Supplied records:
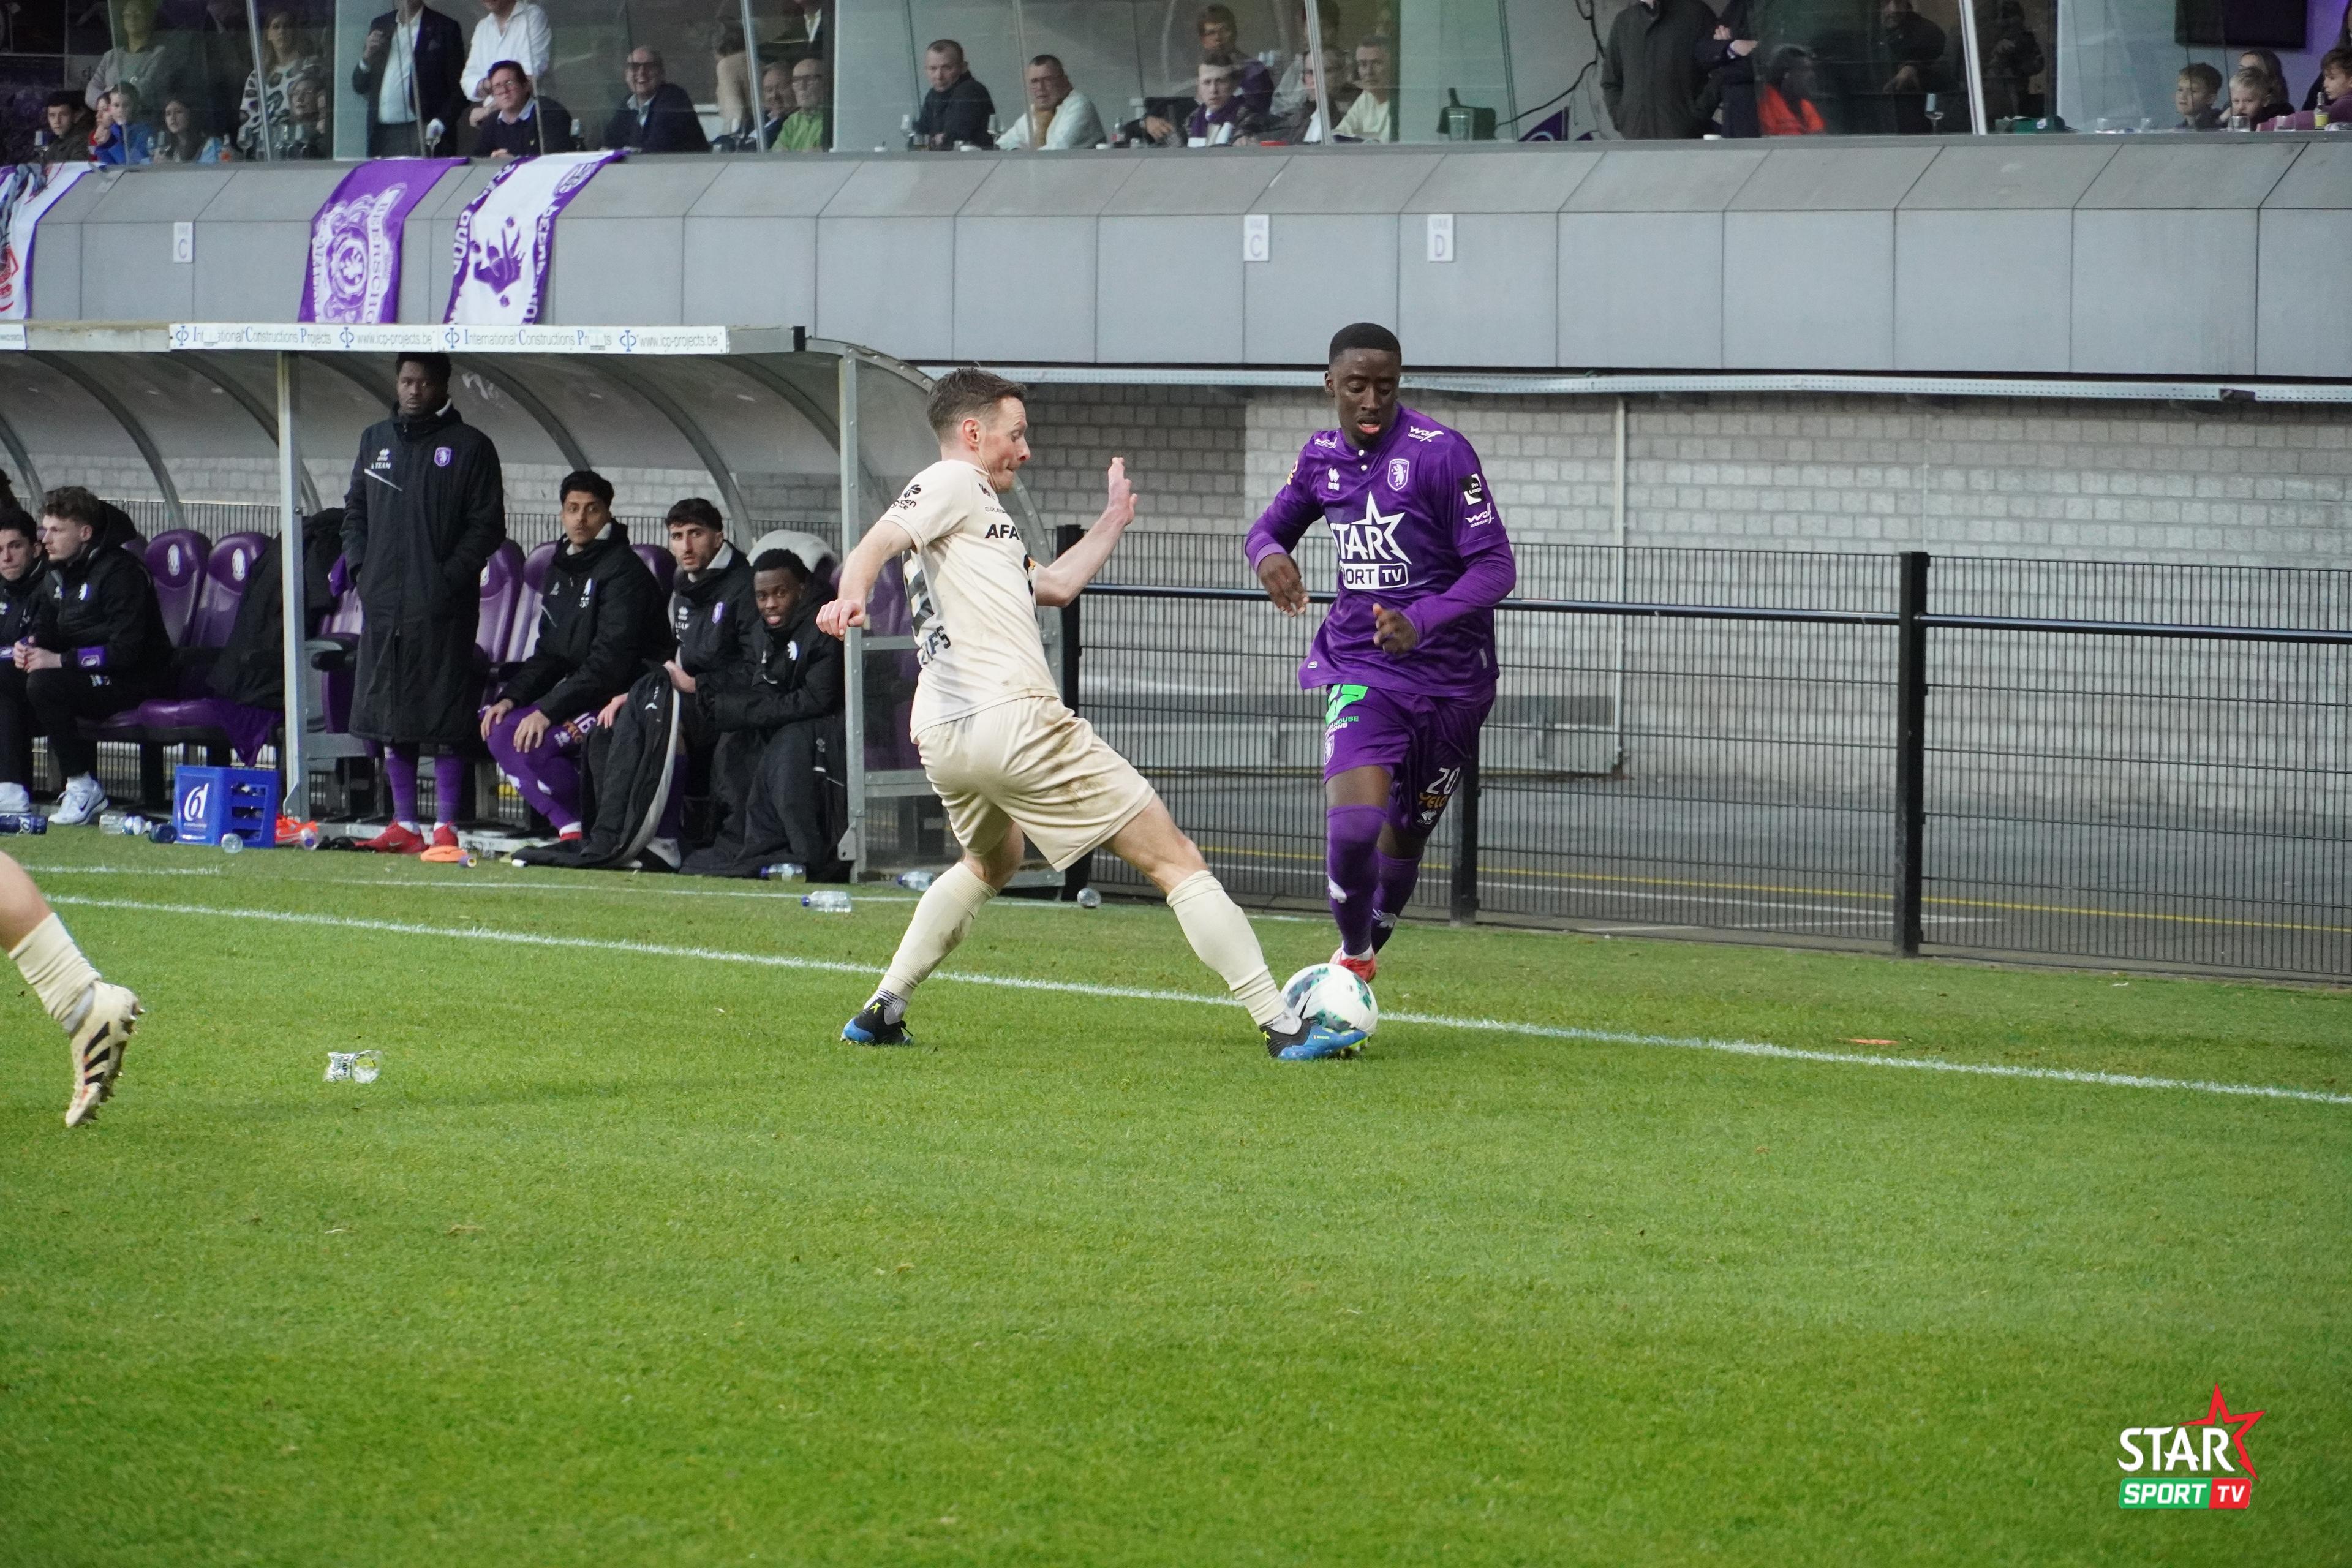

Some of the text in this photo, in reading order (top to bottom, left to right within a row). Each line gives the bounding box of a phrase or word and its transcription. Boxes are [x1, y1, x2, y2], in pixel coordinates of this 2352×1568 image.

[193, 326, 332, 347] Intational Constructions Projects
[357, 332, 432, 347] www.icp-projects.be
[464, 329, 516, 345] International
[519, 329, 575, 346] Constructions
[639, 333, 718, 351] www.icp-projects.be
[1341, 566, 1402, 584] ORT TV
[573, 712, 597, 734] 16
[1425, 766, 1460, 794] 20
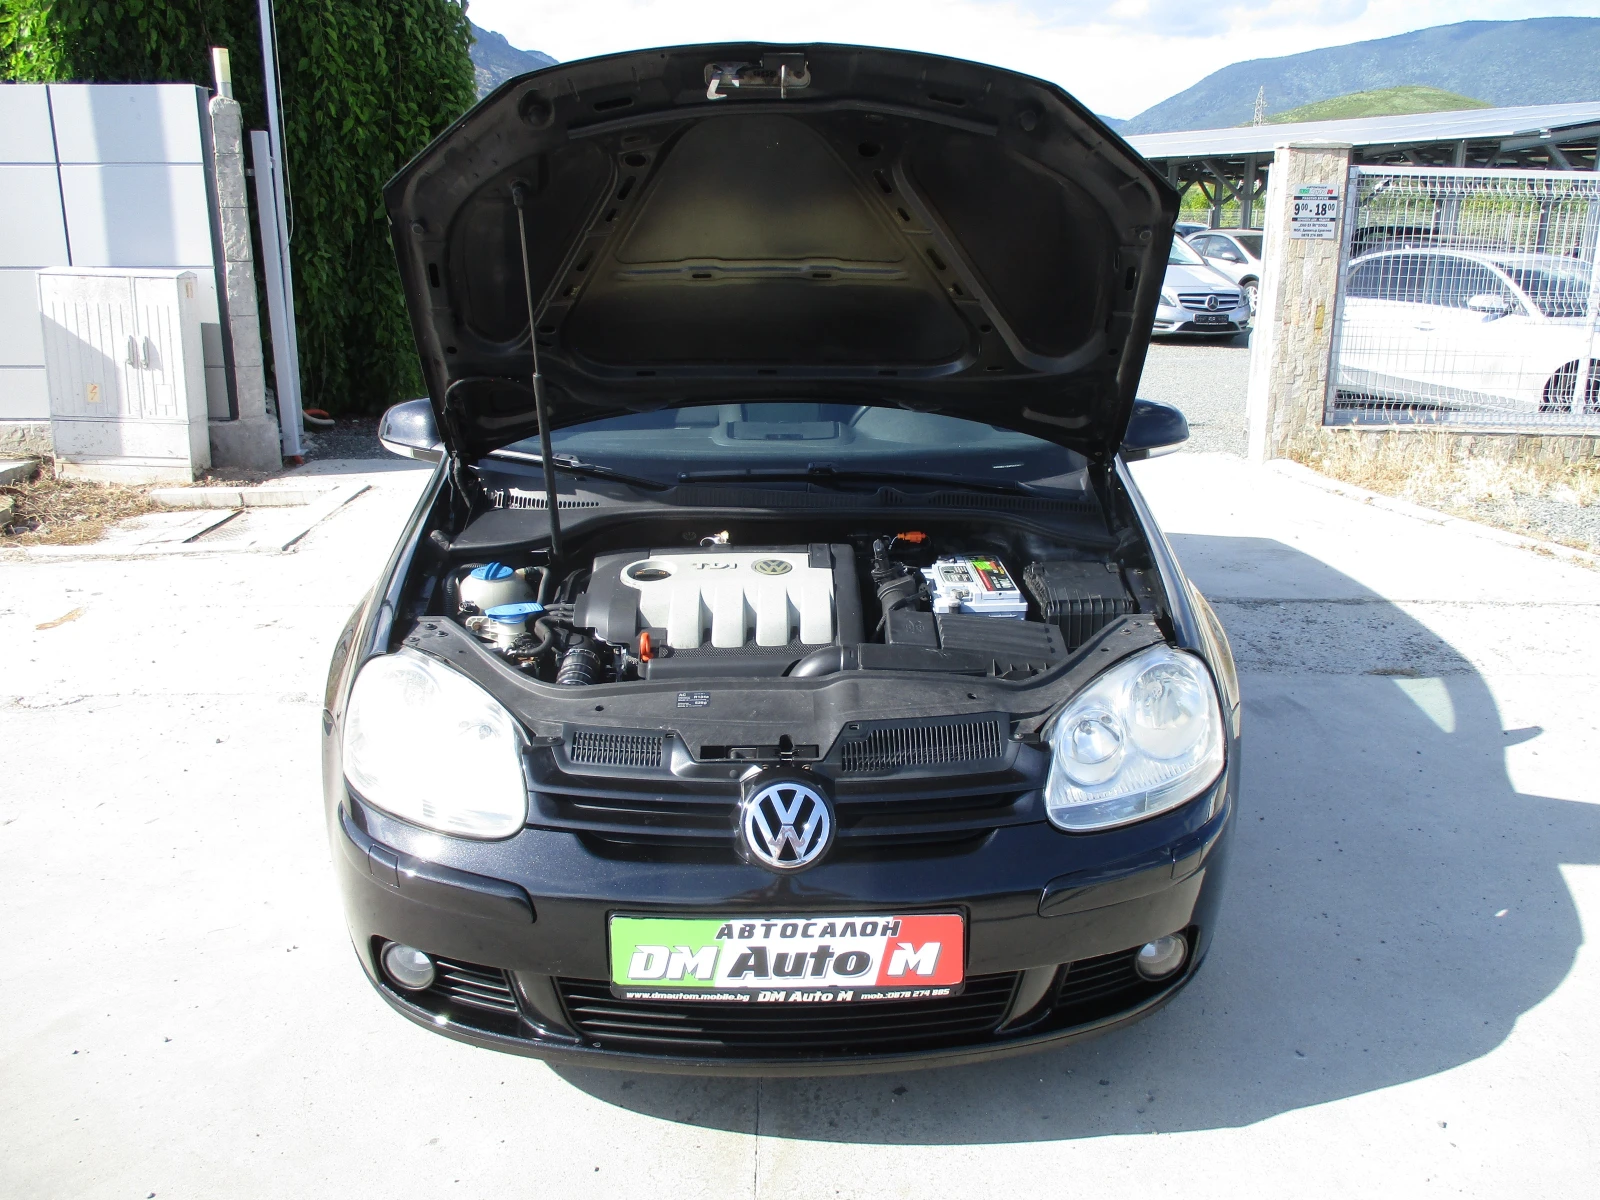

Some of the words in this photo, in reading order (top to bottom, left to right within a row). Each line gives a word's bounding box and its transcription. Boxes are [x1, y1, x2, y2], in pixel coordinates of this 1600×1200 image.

[715, 920, 902, 940] АВТОСАЛОН
[627, 945, 720, 980] DM
[727, 944, 873, 979] Auto
[887, 941, 942, 978] M
[626, 991, 750, 1002] www.dmautom.mobile.bg
[757, 990, 787, 1002] DM
[788, 990, 834, 1002] Auto
[837, 990, 855, 1002] M
[912, 988, 930, 998] 274

Problem description: Copy out each line of the data exactly as it reads; skip the pictures.

Answer area:
Some of the text in this photo, in reading order (top to bottom, left to right within a row). Each line gives the bounding box of a phrase or word and its transcription. Boxes are [x1, y1, x2, y2], in pixel coordinates of this 2352×1568 image.

[193, 326, 332, 347] Intational Constructions Projects
[357, 332, 432, 347] www.icp-projects.be
[464, 329, 516, 345] International
[519, 329, 575, 346] Constructions
[639, 333, 718, 351] www.icp-projects.be
[1341, 566, 1402, 584] ORT TV
[573, 712, 597, 734] 16
[1425, 766, 1460, 794] 20

Some of the words in this photo, in reading order (top to bottom, left to right within a row). Each line gives a word's bounding box and its transcription. Boxes are [x1, y1, x2, y2], in pixel coordinates of this 1600×1200 image.

[715, 920, 902, 940] АВТОСАЛОН
[627, 945, 720, 980] DM
[727, 944, 873, 979] Auto
[887, 941, 942, 978] M
[626, 991, 750, 1002] www.dmautom.mobile.bg
[757, 990, 787, 1002] DM
[788, 990, 834, 1002] Auto
[837, 990, 855, 1002] M
[912, 988, 930, 998] 274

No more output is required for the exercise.